**Instructions for the task**
Transcribe the listing precisely, entry by entry.
--- Provided material Enclosed Below ---
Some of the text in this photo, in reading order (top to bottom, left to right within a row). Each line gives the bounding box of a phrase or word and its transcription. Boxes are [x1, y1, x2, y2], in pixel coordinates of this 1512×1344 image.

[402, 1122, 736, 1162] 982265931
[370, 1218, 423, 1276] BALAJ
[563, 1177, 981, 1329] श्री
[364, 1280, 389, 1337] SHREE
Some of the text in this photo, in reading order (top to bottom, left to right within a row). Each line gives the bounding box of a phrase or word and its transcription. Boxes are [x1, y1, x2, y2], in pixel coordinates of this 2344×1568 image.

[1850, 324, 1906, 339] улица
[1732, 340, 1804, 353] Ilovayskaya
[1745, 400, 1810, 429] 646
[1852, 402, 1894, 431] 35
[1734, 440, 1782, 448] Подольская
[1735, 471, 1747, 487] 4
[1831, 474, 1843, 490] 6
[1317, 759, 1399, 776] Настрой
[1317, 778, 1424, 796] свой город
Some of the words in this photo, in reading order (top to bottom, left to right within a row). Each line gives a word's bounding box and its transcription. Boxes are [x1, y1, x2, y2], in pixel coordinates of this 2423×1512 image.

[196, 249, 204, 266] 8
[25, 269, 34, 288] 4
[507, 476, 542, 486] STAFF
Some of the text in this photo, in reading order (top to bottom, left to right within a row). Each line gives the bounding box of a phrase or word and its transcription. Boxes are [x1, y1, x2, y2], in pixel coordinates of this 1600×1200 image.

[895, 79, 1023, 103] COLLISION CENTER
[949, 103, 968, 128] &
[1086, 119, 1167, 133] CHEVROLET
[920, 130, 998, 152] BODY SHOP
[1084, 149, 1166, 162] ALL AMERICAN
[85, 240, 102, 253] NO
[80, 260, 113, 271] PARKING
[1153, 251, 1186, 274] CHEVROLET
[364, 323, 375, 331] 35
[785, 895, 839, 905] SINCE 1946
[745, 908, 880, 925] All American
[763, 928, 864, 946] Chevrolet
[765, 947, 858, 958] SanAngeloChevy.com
--- End of Enclosed Provided material ---
**Exercise response**
Some of the text in this photo, in reading order (top to bottom, left to right within a row). Each line gives the bounding box of a phrase or word and its transcription. Boxes are [x1, y1, x2, y2], in pixel coordinates of this 1512×1344 image.

[402, 1122, 736, 1162] 982265931
[370, 1218, 423, 1276] BALAJ
[563, 1177, 981, 1329] श्री
[364, 1280, 389, 1337] SHREE
Some of the text in this photo, in reading order (top to bottom, left to right within a row). Each line gives the bounding box of a phrase or word and its transcription. Boxes are [x1, y1, x2, y2], in pixel coordinates of this 2344×1568 image.

[1850, 324, 1906, 339] улица
[1732, 340, 1804, 353] Ilovayskaya
[1745, 400, 1810, 429] 646
[1852, 402, 1894, 431] 35
[1734, 440, 1782, 448] Подольская
[1735, 471, 1747, 487] 4
[1831, 474, 1843, 490] 6
[1317, 759, 1399, 776] Настрой
[1317, 778, 1424, 796] свой город
Some of the words in this photo, in reading order (top to bottom, left to right within a row). Each line gives a word's bounding box and its transcription. Boxes are [x1, y1, x2, y2], in pixel coordinates of this 2423×1512 image.

[196, 249, 204, 266] 8
[25, 269, 34, 288] 4
[507, 476, 542, 486] STAFF
Some of the text in this photo, in reading order (top to bottom, left to right within a row). Each line gives the bounding box of a phrase or word and its transcription. Boxes are [x1, y1, x2, y2], in pixel coordinates of this 1600×1200 image.

[895, 79, 1023, 103] COLLISION CENTER
[949, 103, 968, 128] &
[1086, 119, 1167, 133] CHEVROLET
[920, 130, 998, 152] BODY SHOP
[1084, 149, 1166, 162] ALL AMERICAN
[85, 240, 102, 253] NO
[80, 260, 113, 271] PARKING
[1153, 251, 1186, 274] CHEVROLET
[364, 323, 375, 331] 35
[785, 895, 839, 905] SINCE 1946
[745, 908, 880, 925] All American
[763, 928, 864, 946] Chevrolet
[765, 947, 858, 958] SanAngeloChevy.com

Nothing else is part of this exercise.